Yup, they raised it from 28" to 33" this past year, I'm guessing since the quota was surpassed again this past year, that we may see it get bumped up higher


----------



## HuskyMD (May 19, 2000)

oh, thought it was 28". It didn't matter cause the run was basically over by opening day last year. A couple of late stragglers was it.


----------



## Singletjeff (Mar 27, 2005)

HuskyMD said:


> If it remains cold like this through February, maybe there will still be some cows to catch the second week in April this year.?

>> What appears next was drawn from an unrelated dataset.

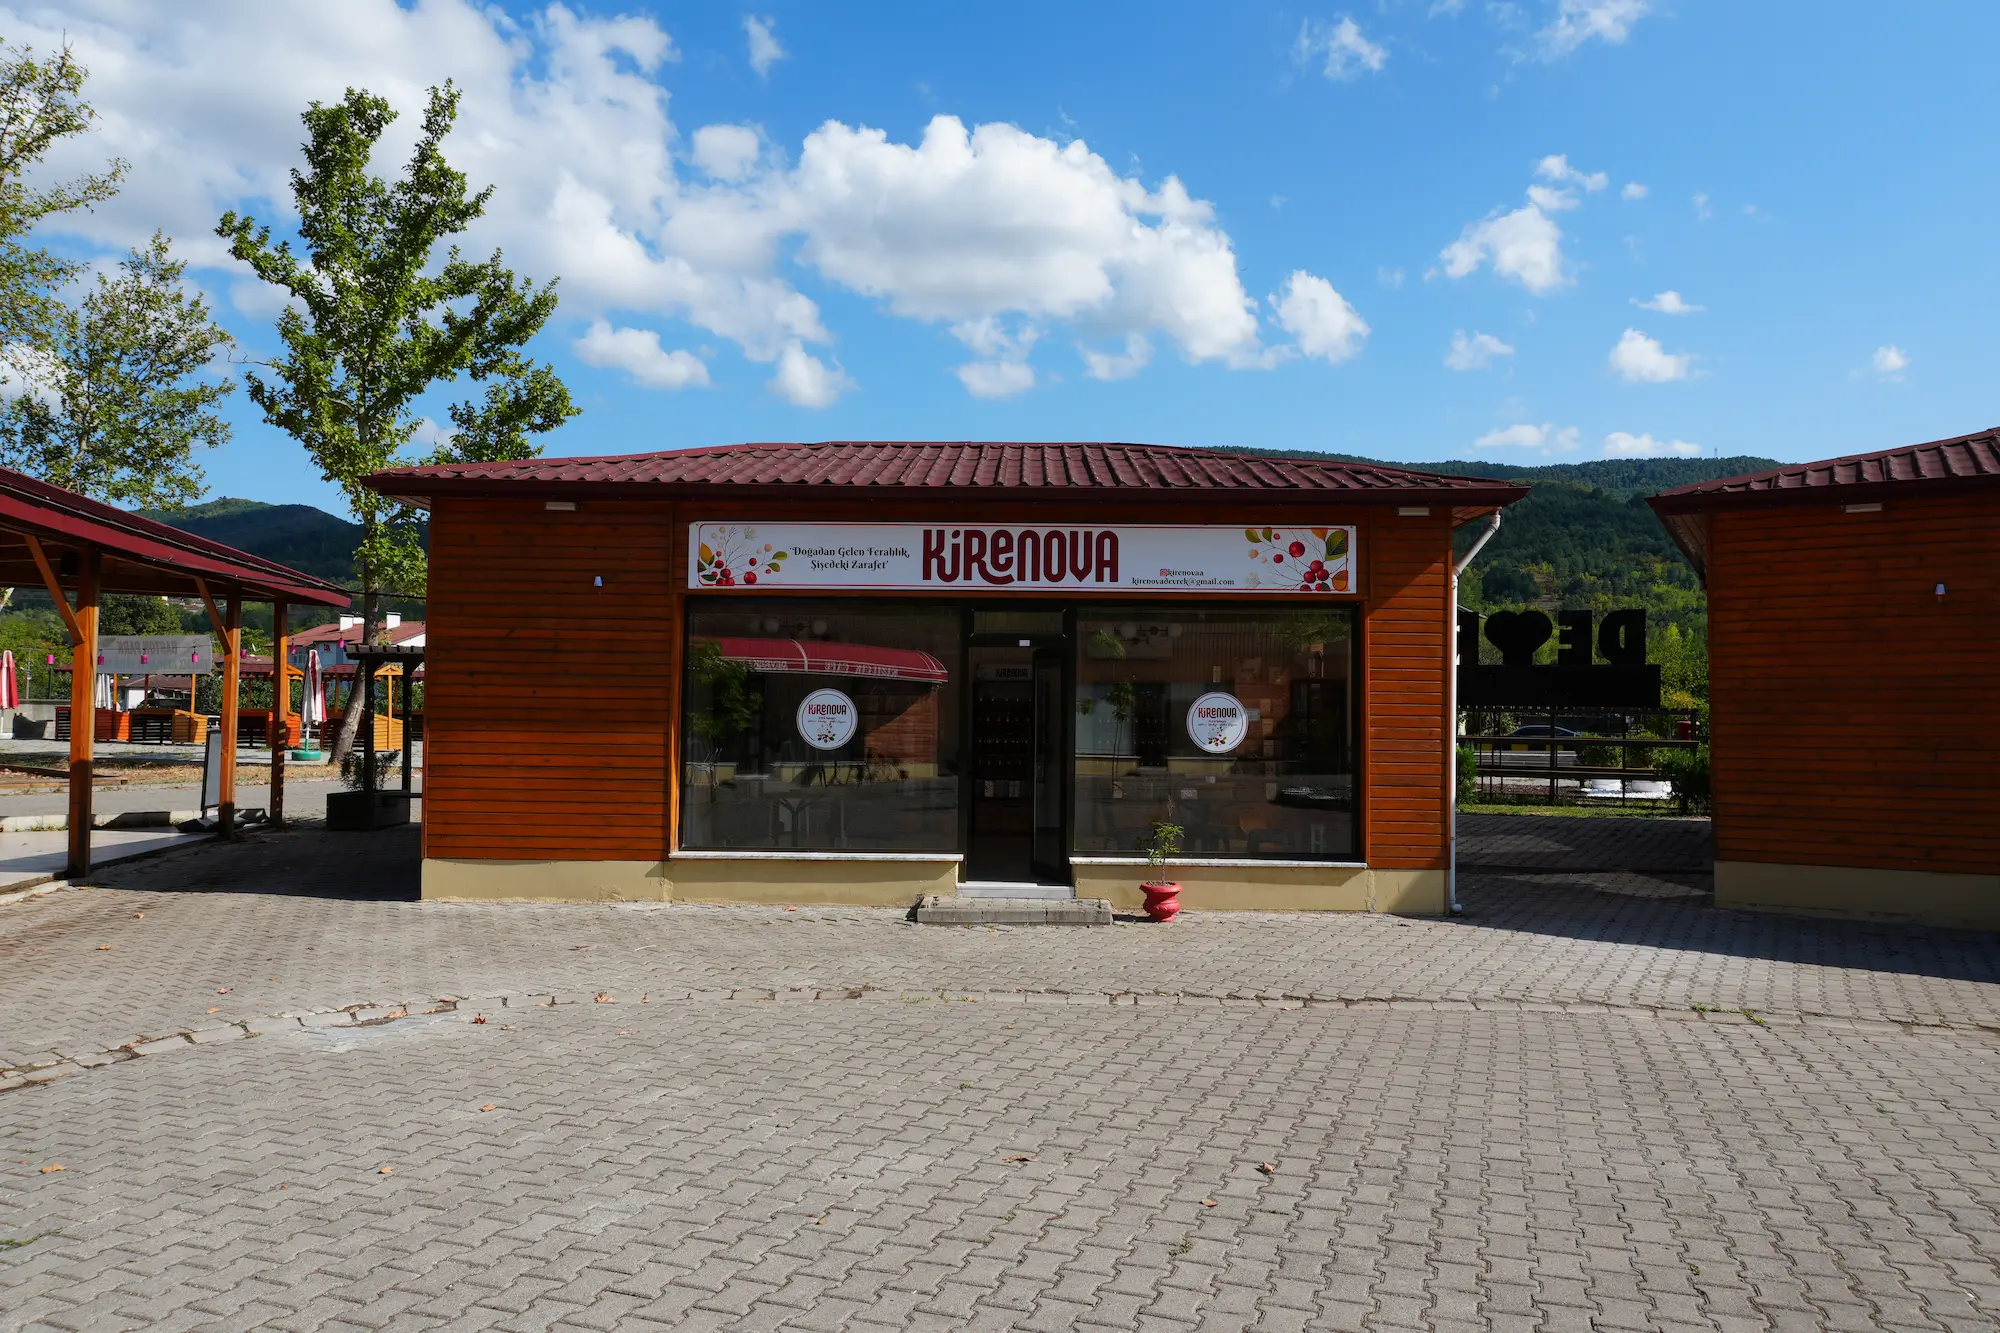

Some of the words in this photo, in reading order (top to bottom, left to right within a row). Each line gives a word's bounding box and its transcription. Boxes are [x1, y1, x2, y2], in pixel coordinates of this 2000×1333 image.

[838, 546, 865, 558] Gelen
[811, 560, 849, 571] Şişedeki
[1132, 577, 1235, 586] kirenovadevrek@gmail.com

Didn't catch this when I posted the last reply. Trophy season comes in at the middle of April, so technically the "second" week of april will still be C&R


----------



## fishhead (Oct 18, 2004)

... or if it stays warm then maybe the cows will be done and on their way back by April


----------



## Singletjeff (Mar 27, 2005)

HuskyMD said:


> oh, thought it was 28". It didn't matter cause the run was basically over by opening day last year. A couple of late stragglers was it.

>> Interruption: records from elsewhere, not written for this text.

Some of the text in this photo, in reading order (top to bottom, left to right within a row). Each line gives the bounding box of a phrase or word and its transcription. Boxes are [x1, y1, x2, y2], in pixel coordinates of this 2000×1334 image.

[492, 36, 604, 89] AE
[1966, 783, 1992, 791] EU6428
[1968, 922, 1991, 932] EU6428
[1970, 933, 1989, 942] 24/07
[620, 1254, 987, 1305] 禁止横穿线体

You have got to be kidding me, I didn't even get out until the second weekend of trophy season last year and we boated our limit every day....27 fish in 3 days....it it was smaller than 34-35 we immidately threw it back (didn't want cooler shrinkage to end up getting us a fine)


----------



## cygnus-x1 (Oct 12, 2005)

...... mooooooo ............ 
:fishing:


----------



## Green Cart (May 14, 2002)

*Boating and SPSP are 2 Different things*

Singlejeff, you were talking about catching from boat while HuskyMd was catching from SPSP which are 2 different situations.. HuskyMD is right about big stripers disappearing by opening day at SPSP. I know because I have seen this happen 2 years in a row. 

I also forsee the 33 inch minimum being increased.


----------



## HuskyMD (May 19, 2000)

right, boats will catch them all year long. As for us shore fisherman, there is a VERY short window to catch them over 33".

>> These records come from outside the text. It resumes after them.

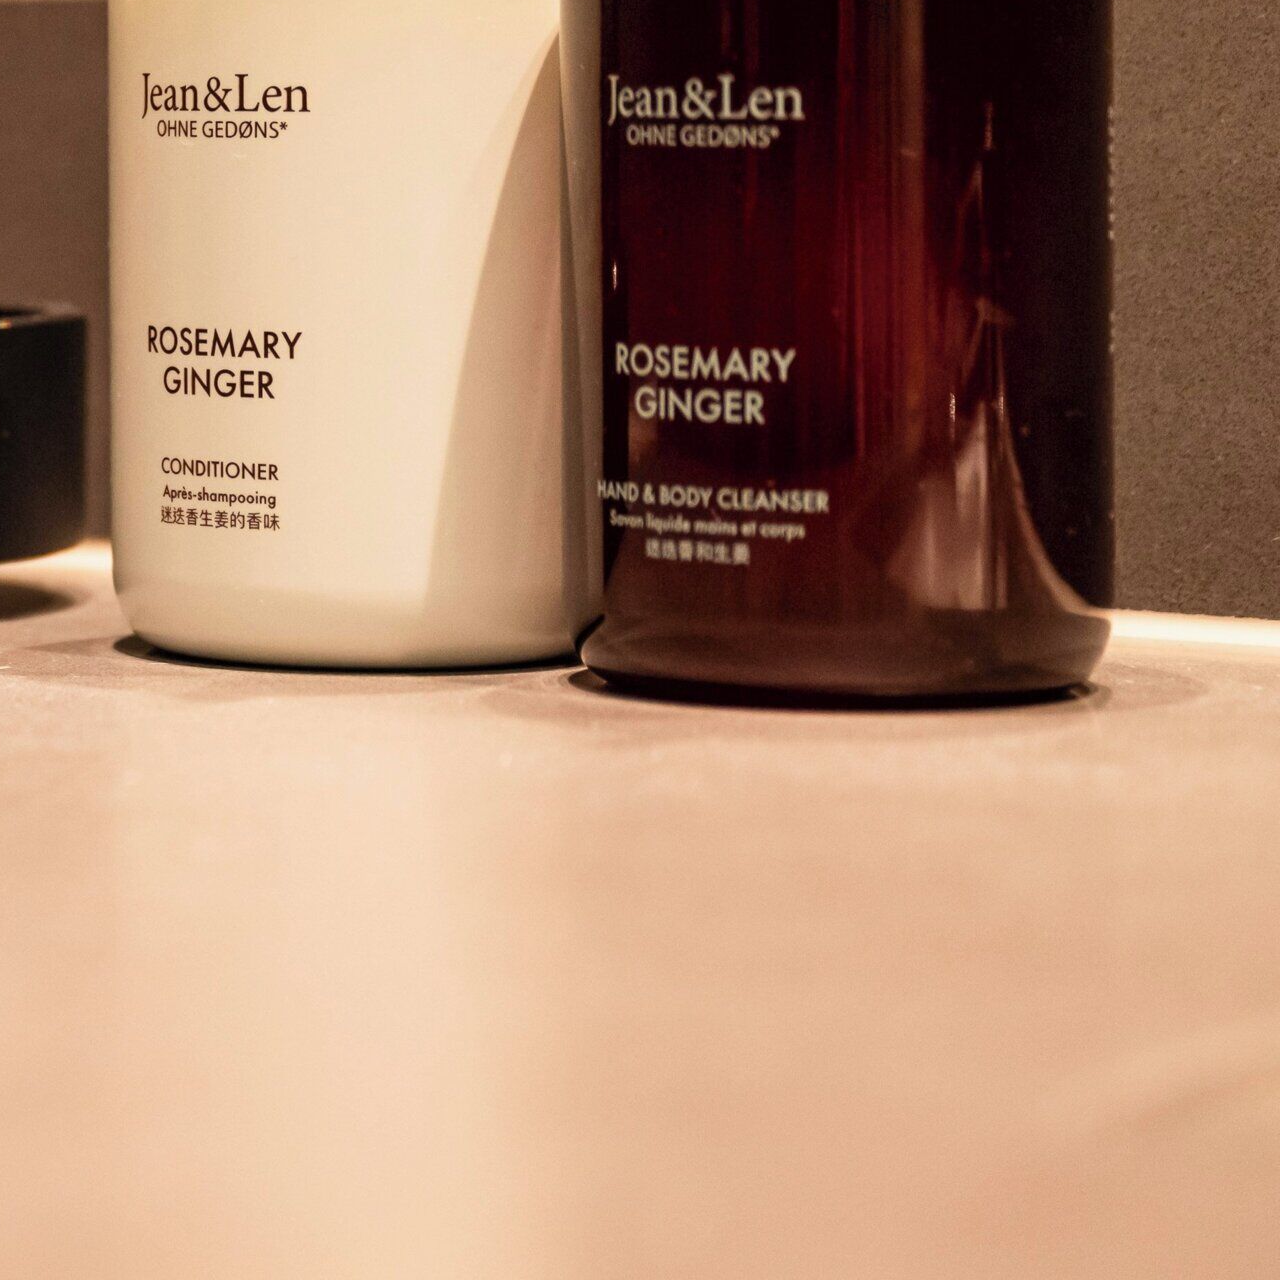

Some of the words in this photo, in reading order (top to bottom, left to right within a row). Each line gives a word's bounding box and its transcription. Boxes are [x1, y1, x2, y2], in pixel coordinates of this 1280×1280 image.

[141, 73, 311, 119] Jean&Len
[607, 73, 806, 127] Jean&Len
[157, 120, 198, 138] OHNE
[626, 124, 677, 147] OHNE
[147, 325, 303, 359] ROSEMARY
[614, 341, 797, 383] ROSEMARY
[163, 366, 276, 399] GINGER
[634, 385, 766, 425] GINGER
[160, 456, 280, 481] CONDITIONER
[162, 484, 277, 510] Après-shampooing
[597, 480, 639, 503] HAND
[643, 483, 655, 503] &
[658, 484, 714, 509] BODY
[716, 487, 831, 513] CLEANSER
[160, 505, 280, 531] 迷迭香生姜的香味
[646, 511, 690, 534] liquide
[741, 522, 757, 537] et
[759, 523, 806, 542] corps
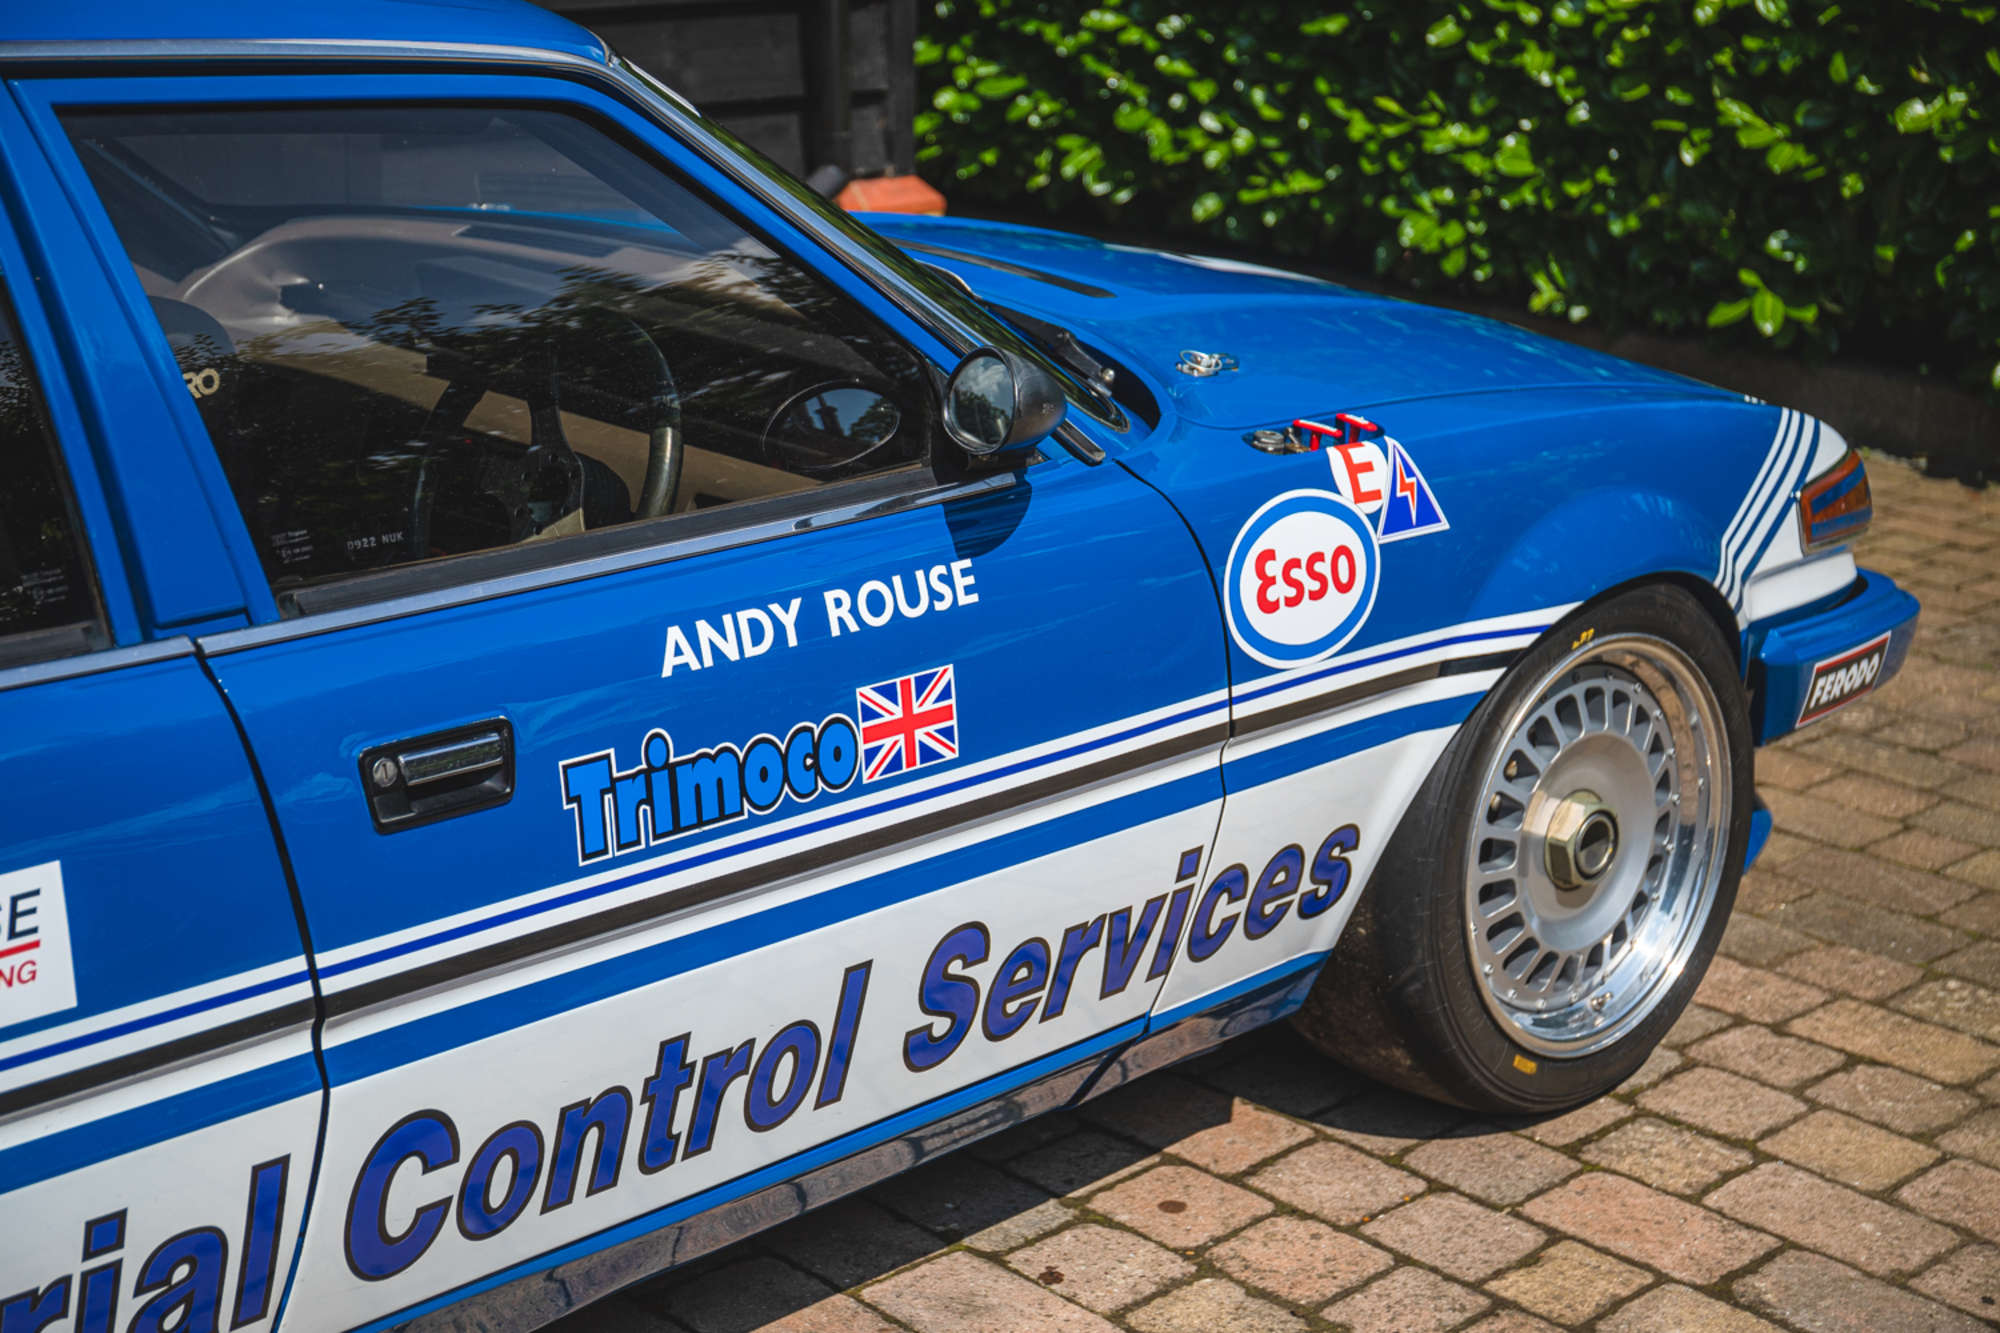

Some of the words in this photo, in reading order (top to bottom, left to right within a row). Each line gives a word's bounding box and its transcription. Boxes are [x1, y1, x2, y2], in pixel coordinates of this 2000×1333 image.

[1333, 443, 1383, 505] E
[661, 597, 802, 678] ANDY
[823, 558, 979, 638] ROUSE
[1810, 653, 1881, 708] FERODO
[559, 712, 860, 866] Trimoco
[0, 888, 41, 941] E
[344, 959, 874, 1282] Control
[902, 823, 1361, 1074] Services

By second week, I am referring to the second Saturday in April- that is always opening day as I understand it.


----------



## Andre (Mar 15, 2003)

Dnr know what there doing !!!! ... 
You can hit a 40 on the second week of march ...On the second week of april [trophy season] your lucky if you get a 20 ...Yeah that window is very small


----------



## Penn626 (Jun 24, 2005)

*Strip Bass Regulation's 2007*

Bass, Striped

33" Apr 15, 2007 - May 15, 2007(Bay)
1/person/day Downstream of the Harry W. Nice Bridge (US 301), including the Maryland and Virginia tributaries downstream of the bridge 
18"-28" May 16, 2007 - Dec 31, 2007
2 @ 18" - 28" OR
1 @ 18" - 28" and 1 larger than 28"/person/day Downstream of the Woodrow Wilson Bridge (I-95), including the Maryland and Virginia tributaries downstream of the bridge. 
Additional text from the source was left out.